Em todo caso, a sinalização é de que a economia americana ainda exibe bom desempenho, o que autoriza apostas de que o Fed pode ser mais agressivo e promover altas seguidas da taxa básica ao longo deste ano. A dúvida é se o aperto das condições financeiras induzido pelo BC americano vai conseguir arrefecer a inflação sem provocar uma desaceleração mais forte da atividade econômica.
O economista-chefe da JF Trust, Eduardo Velho, observa que o mercado já começa a questionar a perspectiva de que, após mais duas altas seguidas da taxa norte-americana em 50 pontos-base, o Fed adotará uma pausa para avaliar os indicadores econômicos. “Dados fortes dos EUA ajudam a valorizar o dólar no exterior e aqui. Apesar do fluxo de recursos externos para nossa Bolsa nos últimos dias, a tendência é de um dólar mais forte, ligado ao exterior”, diz Velho, ressaltando que a alta persistente do petróleo prejudica as perspectiva para o crescimento global e, por tabela, alimenta a aversão ao risco.
A presidente do Fed de São Francisco, Mary Daily, disse que é preciso subir a taxa de juros rapidamente para o nível neutro, que ela estima em 2,5%. Os Fed Funds hoje estão na faixa entre 0,75% e 1%. Tido como integrante mais duro do BC americano, o presidente do Fed de St. Louis, James Bullard, afirmou que o ritmo atual de alta dos juros, de 50 pontos-base por reunião, é adequado neste momento.
Bullard disse, contudo, ser contra pausa no ciclo de alta de juros e que espera taxa em 3,5% até o fim do ano, acima do que considera o nível neutro (em torno de 2%). Tanto Daily quanto Bullard descartam a possibilidade de uma recessão nos Estados Unidos.
A especialista em renda fixa da Blue3, Letícia Cosenza, observa que é grande a expectativa para a divulgação, na sexta-feira, 3, do relatório de emprego (payroll) e da taxa de desemprego nos Estados Unidos em maio. “É preciso ver como está a questão do emprego para saber qual será a postura do Fed. O mercado deve continuar volátil até lá e o dólar tende a se fortalecer”, diz Cosenza, ressaltando que a preocupação com a inflação global deve continuar a pesar sobre os ativos de risco e favorecer a moeda americana.

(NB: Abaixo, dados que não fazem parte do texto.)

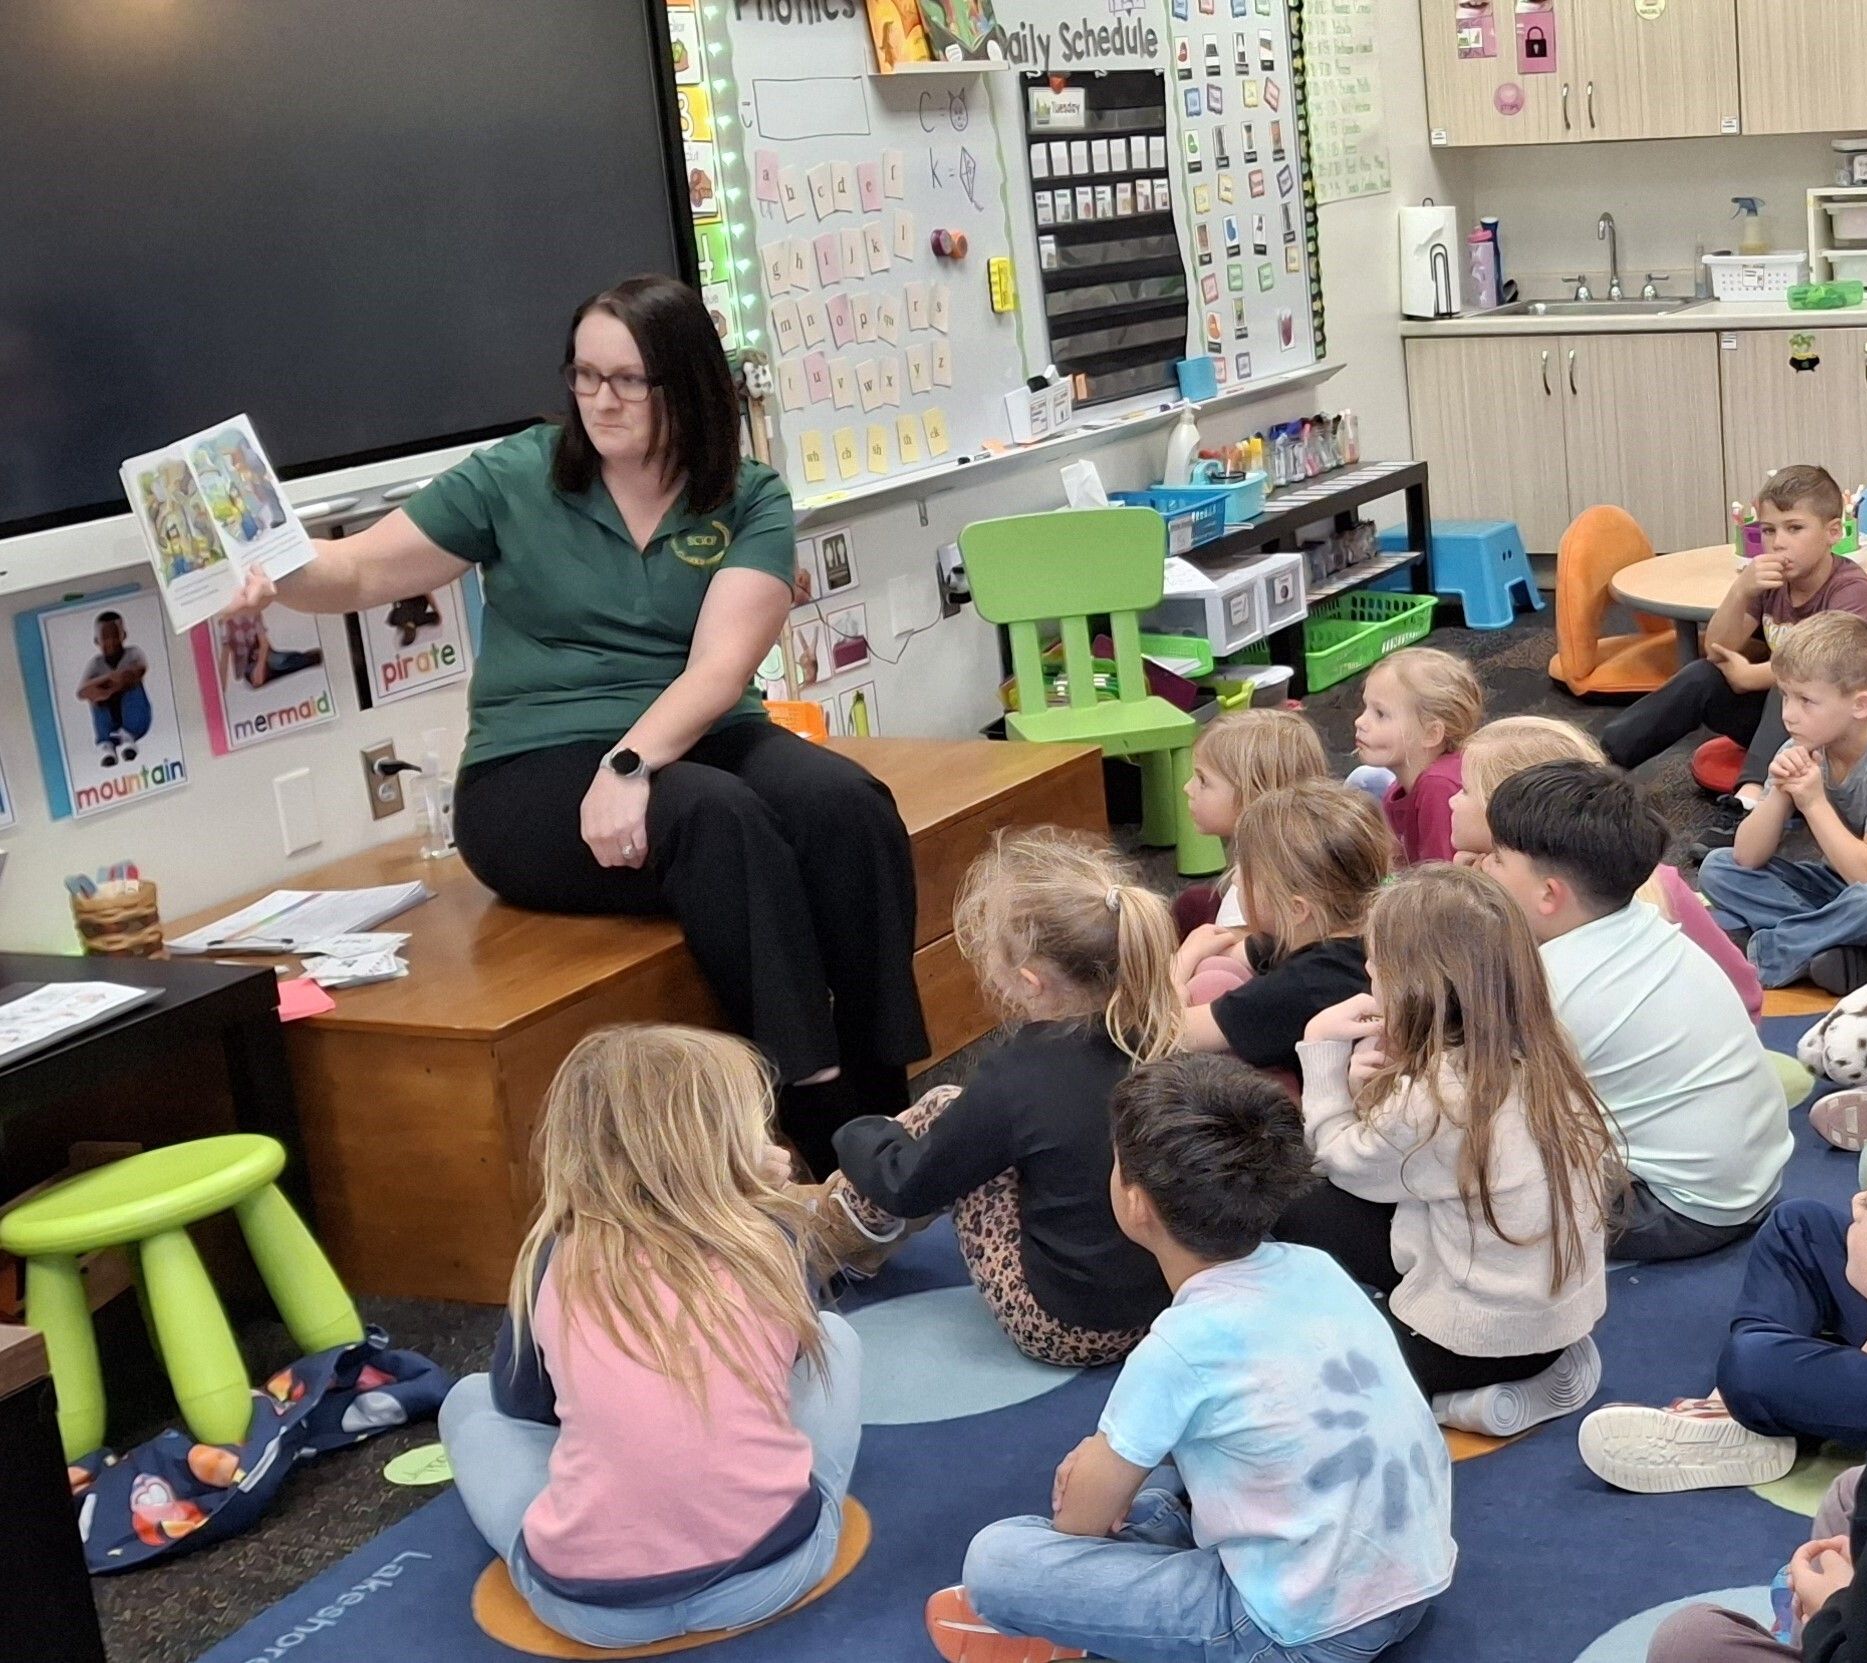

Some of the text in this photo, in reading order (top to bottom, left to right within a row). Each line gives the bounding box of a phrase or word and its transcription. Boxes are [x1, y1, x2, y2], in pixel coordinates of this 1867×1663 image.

[1059, 17, 1158, 63] Schedule
[763, 169, 770, 181] a
[785, 184, 795, 200] b
[817, 186, 825, 198] c
[838, 176, 846, 193] d
[866, 181, 873, 193] e
[796, 252, 803, 270] h
[871, 238, 880, 253] k
[780, 319, 792, 333] m
[807, 314, 815, 327] n
[836, 315, 844, 327] o
[860, 313, 867, 329] p
[914, 300, 919, 312] r
[936, 301, 942, 312] s
[813, 371, 821, 383] u
[837, 377, 844, 389] v
[864, 379, 873, 392] w
[886, 375, 893, 387] x
[913, 363, 920, 378] y
[938, 356, 944, 368] z
[380, 641, 457, 691] pirate
[233, 691, 331, 740] mermaid
[75, 757, 184, 810] mountain
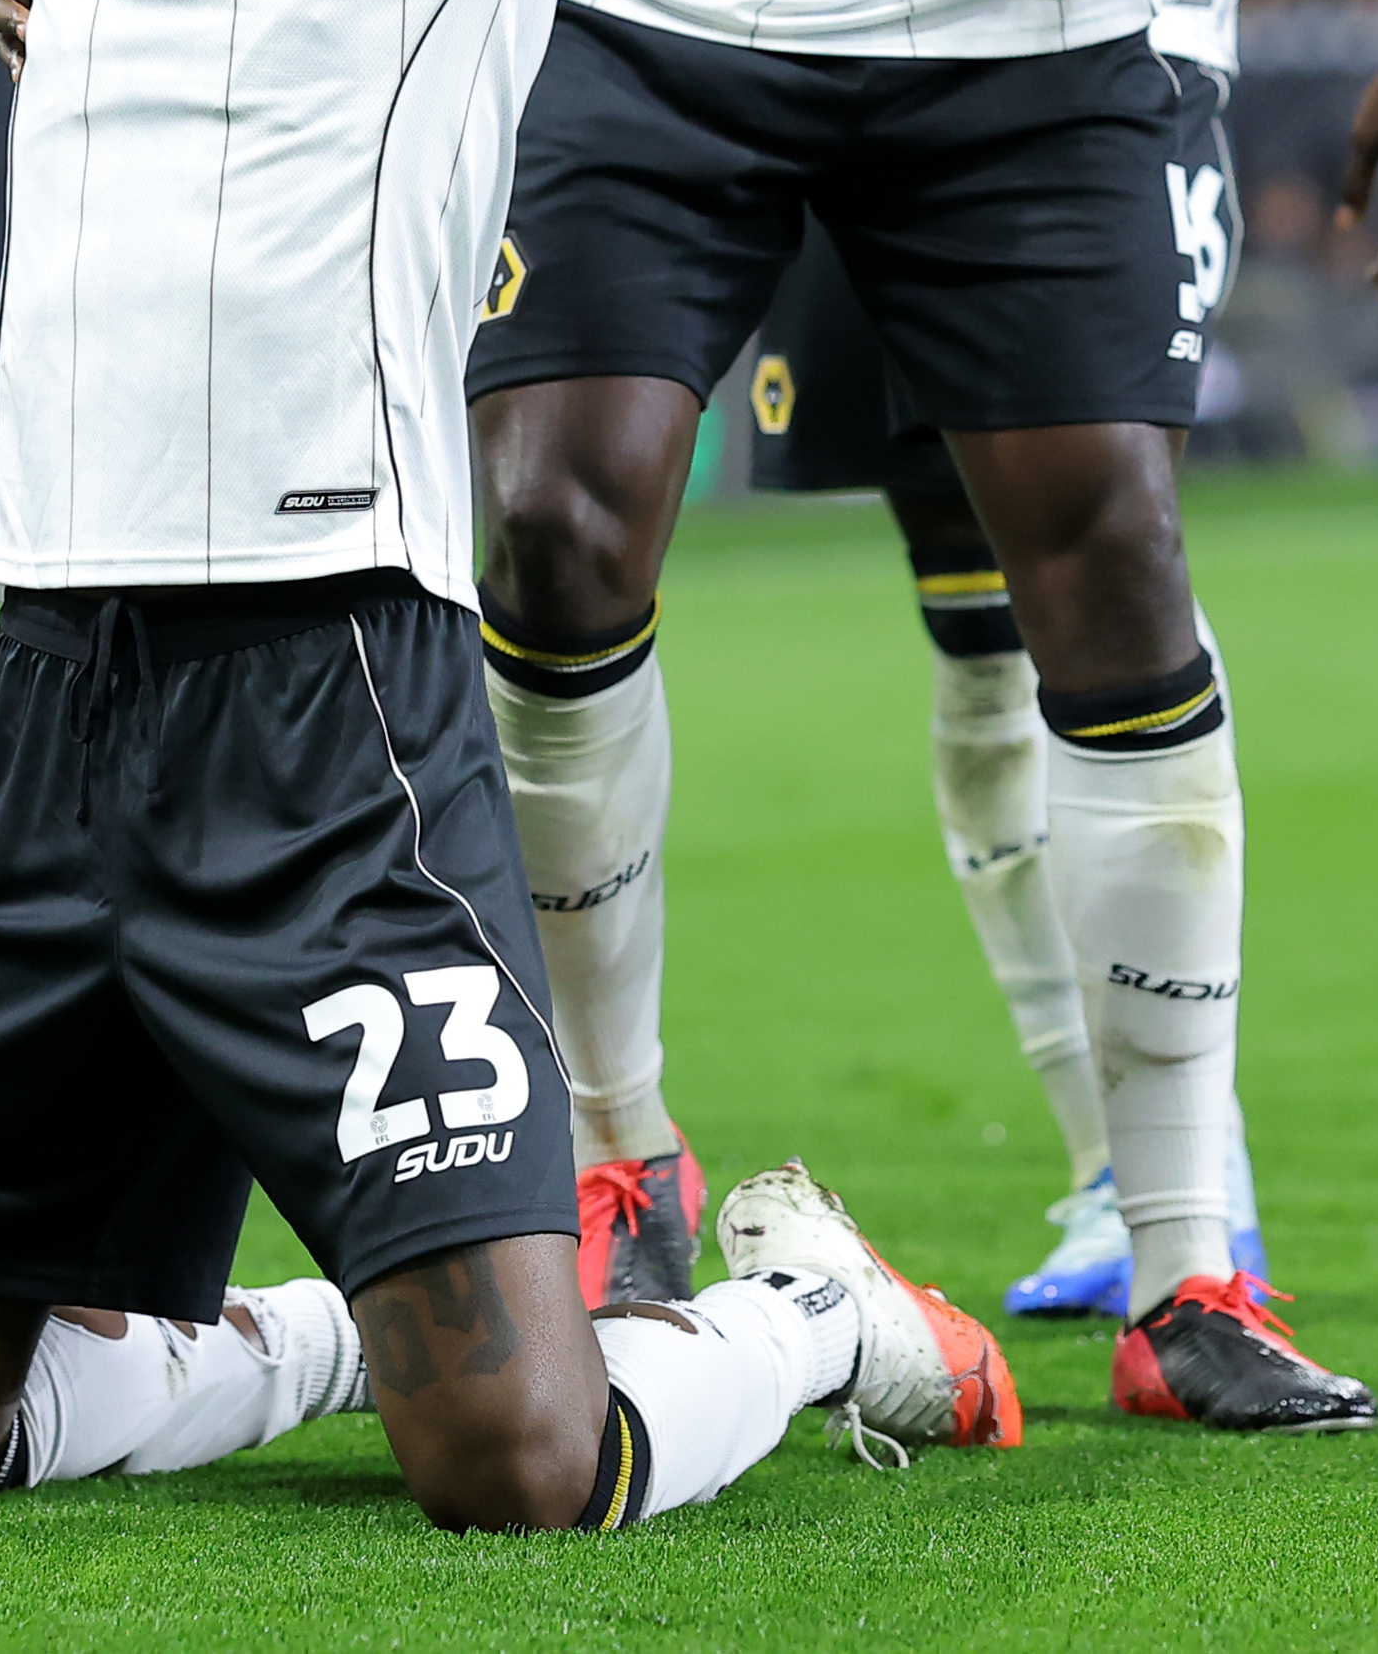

O economista Bruno Mori, planejador financeiro pela Planejar, lembra que começa neste mês o início do processo de redução do balanço patrimonial do Federal Reserve, o que vai reduzir a liquidez no mercado e, por tabela, o apetite por ativos de risco. “Isso provavelmente deve trazer mais pressão sobre o dólar ao longo de junho.”, diz Mori, acrescentando que dados divulgados nesta quarta, como o PMI/ISM, mostram que os EUA seguem com atividade forte, em meio a um quadro de desemprego baixo e inflação elevada.